I guess if I could describe this "connection" somehow...
I would say...
We are some kind of awkward, messed up "pen-pals"
Would you miss my letters of adoration...
My poems...
My songs for you...
Countless words on paper
My emotions for you on display for the whole world to see
This acking, courageous woman in absolute love
Your writing on my skin
If tomorrow I dissappeared in thin air, somehow
Would you miss me, at all
Did I add to your life in any way?
Did my humaness speak to your heart at all...
My open raw heart to yours
Was it just a burden for you...?
A problem that required a solution?
Did I challenge your thinking into a different point of view?

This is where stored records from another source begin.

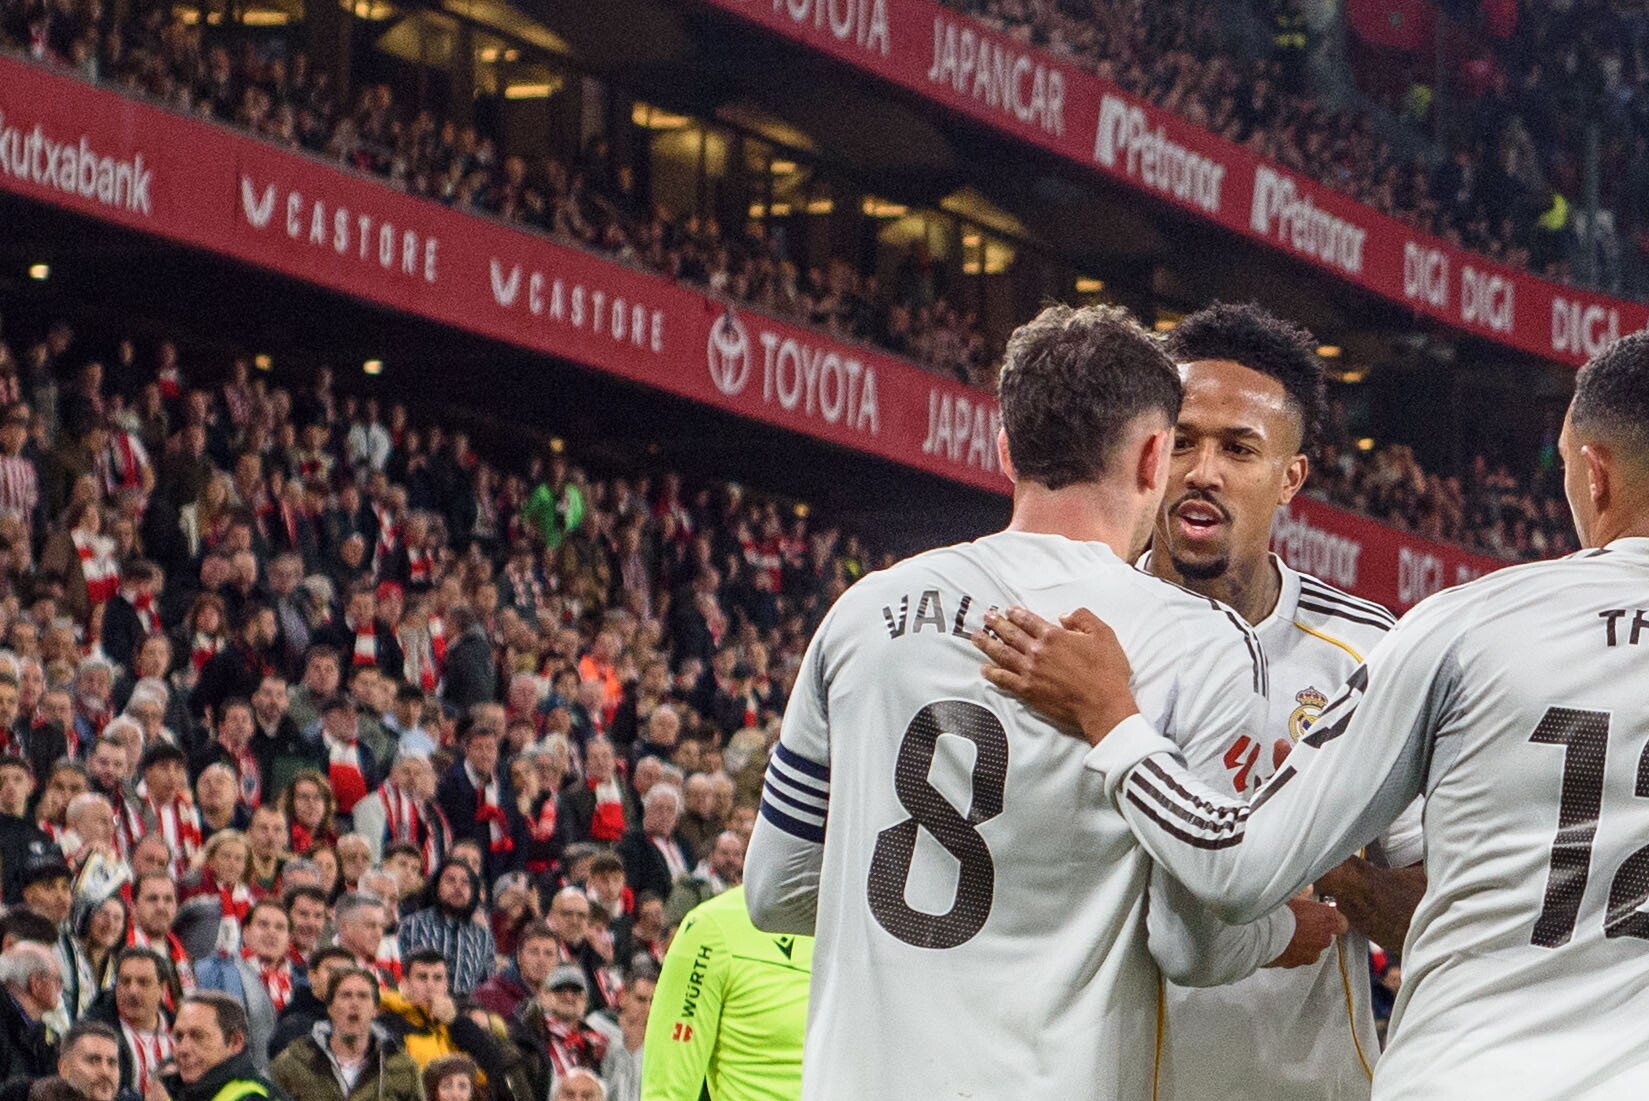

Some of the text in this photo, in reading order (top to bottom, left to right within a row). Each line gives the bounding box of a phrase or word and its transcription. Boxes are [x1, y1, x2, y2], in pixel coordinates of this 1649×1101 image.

[928, 15, 1066, 136] JAPANCAR
[286, 191, 438, 284] CASTORE
[528, 271, 664, 353] CASTORE
[760, 333, 880, 435] TOYOTA
[867, 699, 1009, 950] 8
[682, 944, 713, 1019] WÜRTH
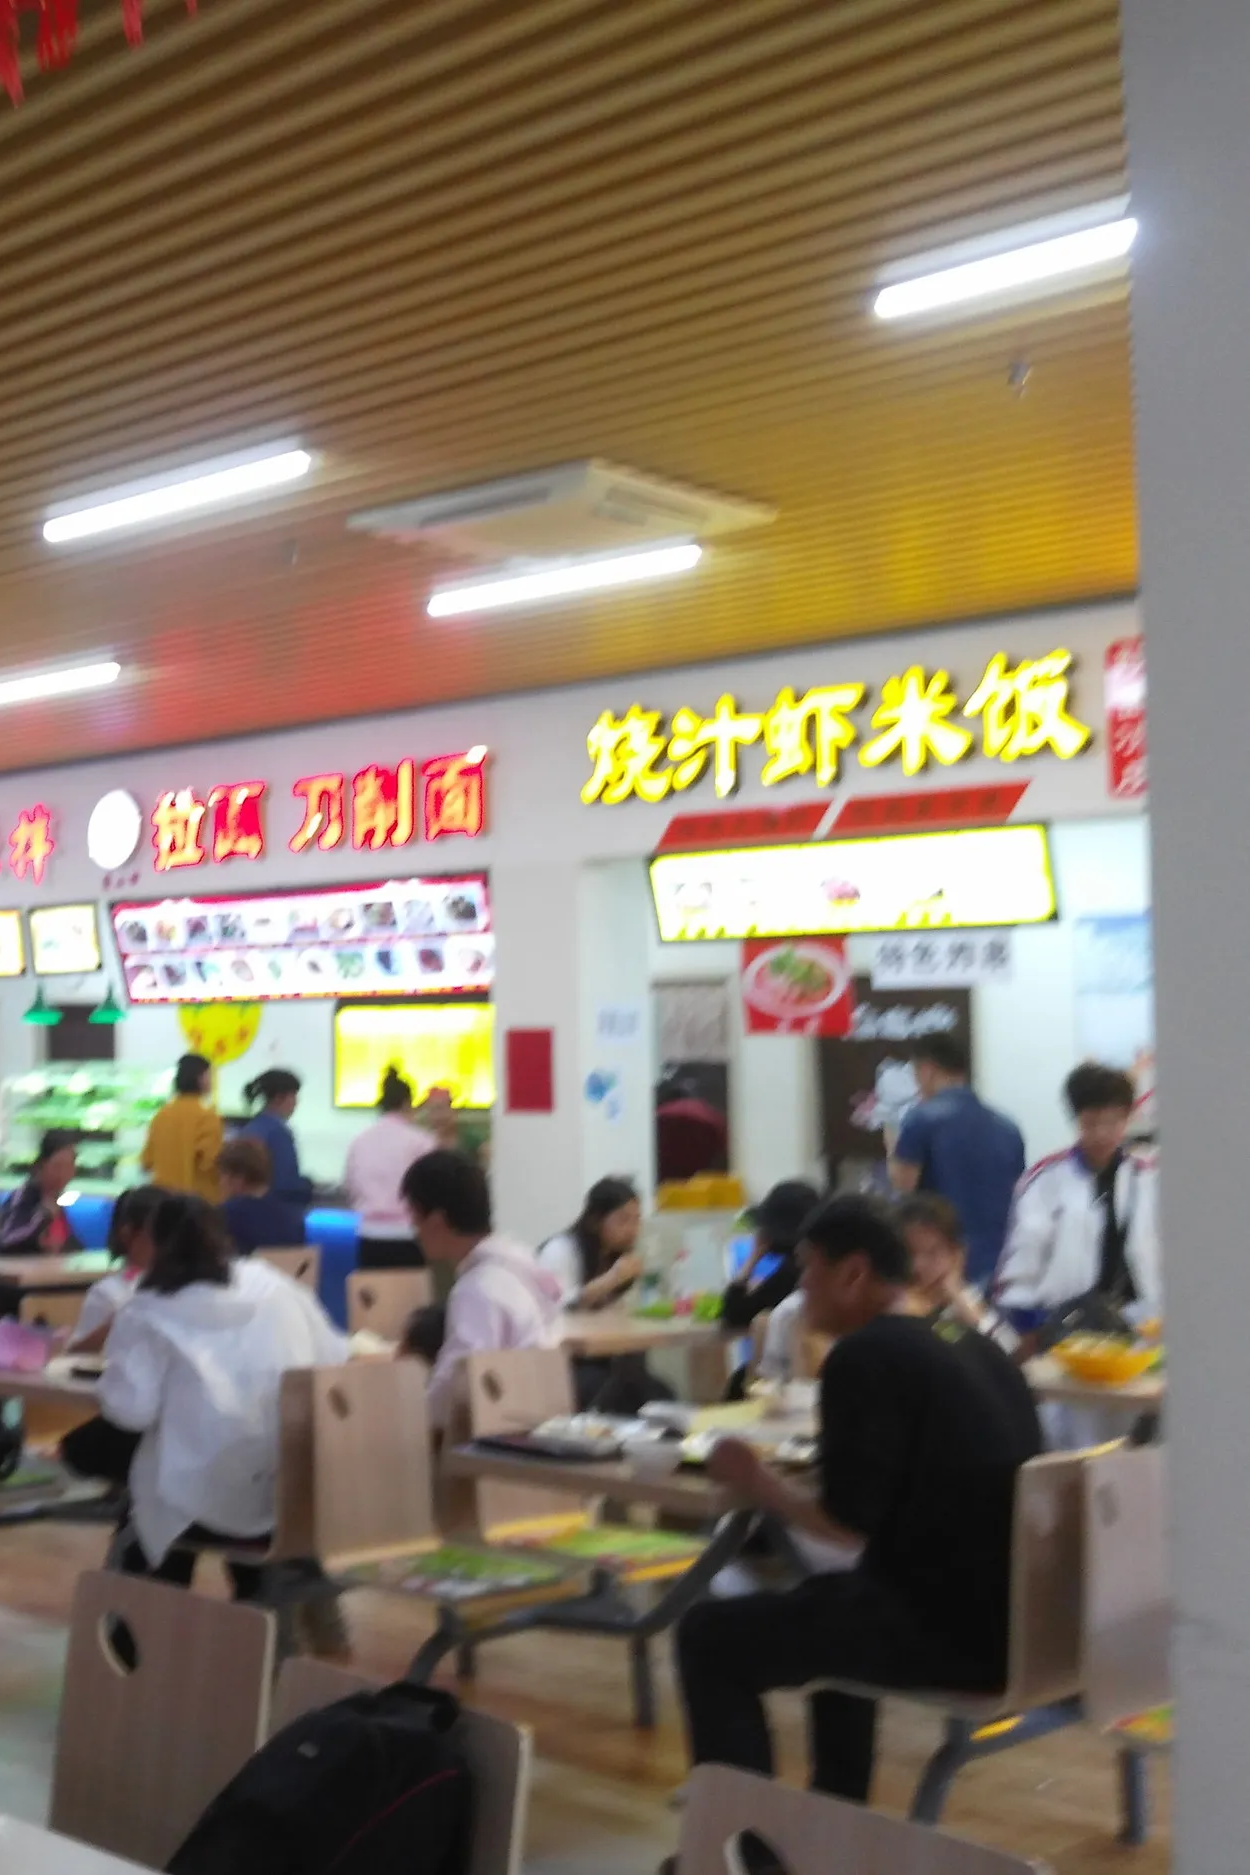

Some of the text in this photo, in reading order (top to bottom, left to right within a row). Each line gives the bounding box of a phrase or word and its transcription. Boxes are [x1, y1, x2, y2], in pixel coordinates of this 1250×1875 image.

[581, 648, 1090, 805] 烧汁虾米饭
[288, 745, 487, 853] 刀削面

Did I remind you of something that you may have felt, yourself for someone?
Was it as passionate? As poetic? As everlasting? As true?
Have you ever felt like I do... I wonder...
I would want to ask you so many questions!!!!
Did I at least ever make you smile with my silly sense of humor?
Do you still have that book I got for you...
Did you like it...
I really hope you did...
Did my love move you, at all...
It was all true...
Did it even matter,in a specific kind of way?
Well... I guess, sadly... I'll never find out...
It's the first of the month tomorrow...
Are you planning to kill me...?
What temperature will your message carry?
Will it arrive from the Arctic?
Will you finish me off...
I am afraid of tomorrow
I'm scared this time...
Really, really scared...
Legitimately scared.... I don't know why
I can feel it in my body
I'm such a silly goose
I've given you this kind of power over my heart
But I shouldn't be afraid
Truth is
I have nothing left to lose
You were never here with me
Only in my heart
Where you will be forever, anyway
It was my choice to love you
Mine alone
So I will be here to receive whatever you send my way
I will read it as soon as I wake up
Even if I am scared to
I always want to be in my purest most vulnerable state when I read your words
Because this is real
Because your Word is sacred to me even when it hurts me
Because I will follow your lead, nomatter where you want to lead me...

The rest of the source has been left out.